American abolitionist (1821–1908)

Edward Wetherill (1821–1908) was a prominent abolitionist in Philadelphia, a staunch Quaker, son of John Wetherill and Susan Garrison and grandson of Samuel Wetherill founder of the Free Quakers. He, along with his family and wife, Anna Thorpe Wetherill, helped African-American slaves escape from the South and found work for them in the North from the 1850s through the Civil War.

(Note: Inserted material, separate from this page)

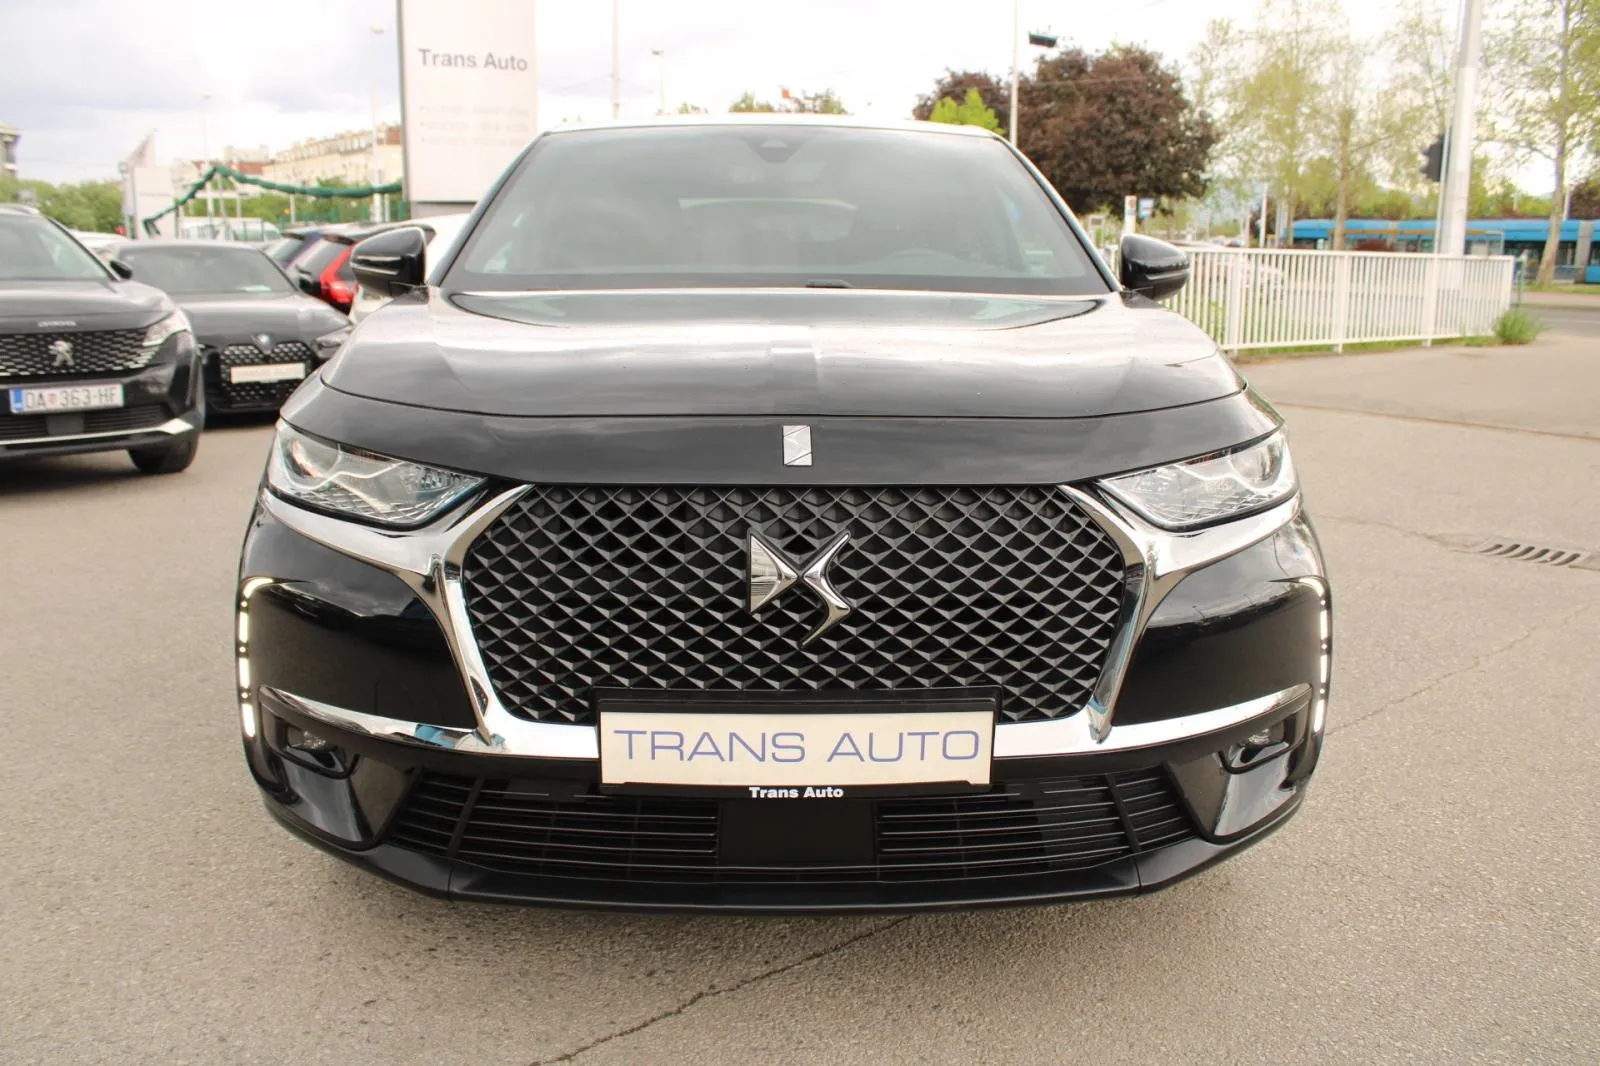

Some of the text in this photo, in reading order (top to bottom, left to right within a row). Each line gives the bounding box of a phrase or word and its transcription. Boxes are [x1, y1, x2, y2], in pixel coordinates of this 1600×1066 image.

[418, 48, 528, 72] Trans Auto
[613, 730, 980, 763] TRANS AUTO
[749, 786, 844, 799] Trans Auto

Their homes, at 911 Clinton St. in the Washington Square West section of Philadelphia and at Chalkley Hall, an English Georgian-style country manor on the outskirts of Philadelphia in Frankford, were used as shelters along the Underground Railroad. Edward's father, John Wetherill purchased Chalkley Hall in 1817 and both Edward and his siblings were born there. During John Wetherill's time at Chalkley Hall, he hosted many gatherings attended by American leaders and writers, including Thomas Jefferson and John Leaf Whittier, who even wrote a poem about the mansion entitled “Chalkley Hall”.

Edward Wetherill

Later, Edward and Anna would host dinners with well-known abolitionists, including Harriet Beecher Stowe, William Lloyd Garrison and Thomas Garrett (who helped Harriet Tubman escape) and leading suffragists like Lucretia Mott and Julia Ward Howe.

Towards the turn of the century, the Wetherills vacated the home due to railroad encroachments and donated Chalkley Hall to be used as a country home for a College Settlement for single mothers, children and the poor. Over the years, the home fell into disrepair and eventually, the home was purchased by and demolished in 1954 to expand train lines. Before the home was demolished, several architectural structures were donated to museums, including the stairway between the second and third floors to the State Museum of Pennsylvania and the main granite, iron and wood entry doorway to the Metropolitan Museum of Art. The doorway is currently on display in the Met's gallery 756. Of course like all stately homes, it was rumored to have a “little gray lady” ghost roaming its halls.

Edward and Anna had five daughters, Edith, Marian, Blanche, Irma and Cora. Marian died by suicide in 1922 and Cora never married. Edith, Irma and Blanche continued their parents' activism and started their own families. Rebecca Wetherill, Edward's sister and a frequent correspondent with Harriet Beecher Stowe, saved family records on Chalkley Hall and their abolitionist activities. She also compiled scrapbooks with tributes to Queen Victoria for Edward's daughter Blanche and they can be found on view at the Historical Society of Pennsylvania in the Edward Wetherill Collection.

As a tribute to his abolitionist work, in 1913 a horse fountain was dedicated in his memory and located at the intersection of Clinton and S. 9th Streets in Philadelphia.